Sharon Gless takes control in ‘Hannah Free’

Wed. September 23, 2009 12:00 AM by Windy City Media Group

emmy-award-winning actress sharon gless

In November 2008, Emmy-award-winning actress Sharon Gless came to Chicago to star in a low-budget independent film called Hannah Free, produced by her friend, acclaimed Chicago lesbian dramatist Claudia Allen, and journalist Tracy Baim.

Gless is well known for her roles on Showtime's Queer As Folk, FX Network's Nip/Tuck, and for the BBC action miniseries The State Within, but she is perhaps still best known for her seven-year starring role, from 1982 to 1988, as Detective Christine Cagney in the police drama Cagney & Lacey, the first television drama series ever to feature two females as lead roles. On Queer As Folk, Gless played proud PFLAG mom Debbie Novotny, but to the delight of her legions of GLBT fans, in Hannah Free she would be starring in her first out lesbian role.

At the time, Gless had just concluded shooting the third season of the TV action adventure series Burn Notice, a USA network hit. Gless went from filming the glamorous big budget Miami-set spy drama to starring in a deeply personal, intimate story dealing with issues of aging and lesbian relationships.

Gless has strong feelings about Hannah Free and was eager to take on the title role. "Hannah Free is a very unusual, very intimate story—and it's a story that really needs to be told," said Gless. "And I think for everybody who worked on it, it was a labor of love. Nobody's in it to get rich. In fact, a third of the people working on the film did it gratis. It's very touching, and it's worth it. I've always believed that for an actor, your initial intention is to entertain. But if you can educate also, that's a really nice thing."

Gless was also impressed at how smoothly the shooting went: "We were working in very, very small rooms, and nobody got on anybody's nerves; each department let the other one do their job, The more the filming went on, the more I felt it—there was a lot of respect, as everyone saw the story unfold. And we were working under very severe conditions: we only had three weeks to do this whole feature in."

"I started my career late," recalled Gless. "I worked behind the camera for years, and didn't even admit that I wanted to be an actress until I was 26." Once she set her sights on that goal, however, it didn't take long for her to be noticed. By the following year, 1972, she had signed a long-term contract with Universal Studios. At that time Universal was the largest television studio in the world, and as a contract player Gless guest-starred on many popular shows of the day, including McCloud and Emergency, landed a recurring role on Marcus Welby, and also appeared in miniseries and TV movies. She starred in a series called Faraday and Company, and appeared on Switch for three years alongside Robert Wagner and Eddie Albert. Then the studio system was dissolved and, she said, "I walked into Cagney & Lacey, and it change my life and my career."
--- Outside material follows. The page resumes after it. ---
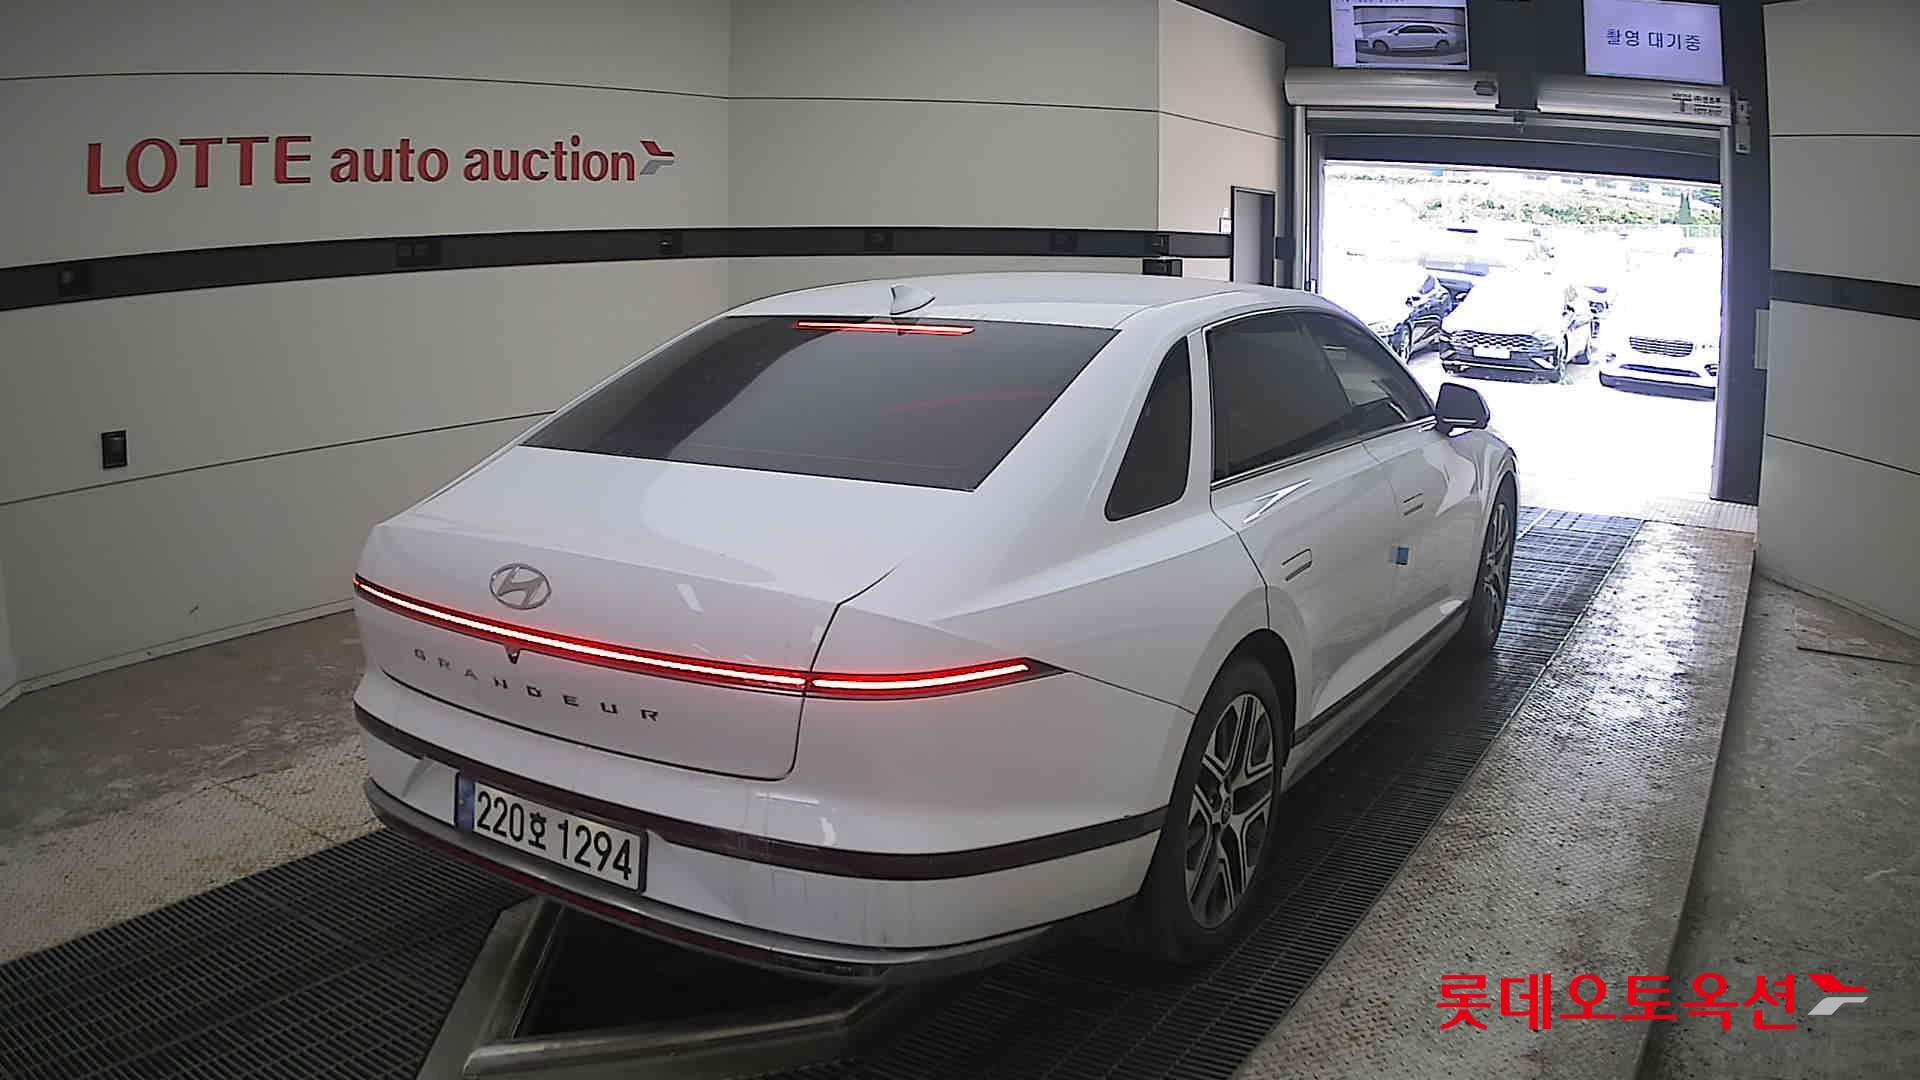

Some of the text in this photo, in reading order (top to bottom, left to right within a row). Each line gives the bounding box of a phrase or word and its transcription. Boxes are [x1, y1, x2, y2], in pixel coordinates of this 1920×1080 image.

"Cagney & Lacey was a groundbreaking show, but we didn't know it at the time. I don't think we had any idea that it would become what it became. It was enormous. and it was quite heady to be part of it." Gless and her co-star Tyne Daly, between them, won the Emmy for Best Lead Actress in a Drama for six years in a row—a record that is still unbroken not just for dramas but for a show in any major awards category.

With two women stars, Cagney & Lacey had a huge fan base among lesbians. "The lesbian following was quite extraordinary," said Gless. "Judging from the mail, it was Cagney's character that attracted the lesbian audience, and I'm so grateful. The gay community has kept me going, all my career, since then. I think Cagney is still the best, most complicated woman ever written for television. She was troubled, she had attitude, and she was boyish. I insisted that all my jackets come from men's stores. It wasn't intentional to attract the gay and lesbian audience, it just did. And I enjoyed that, it was fun for me. But it wasn't planned that way."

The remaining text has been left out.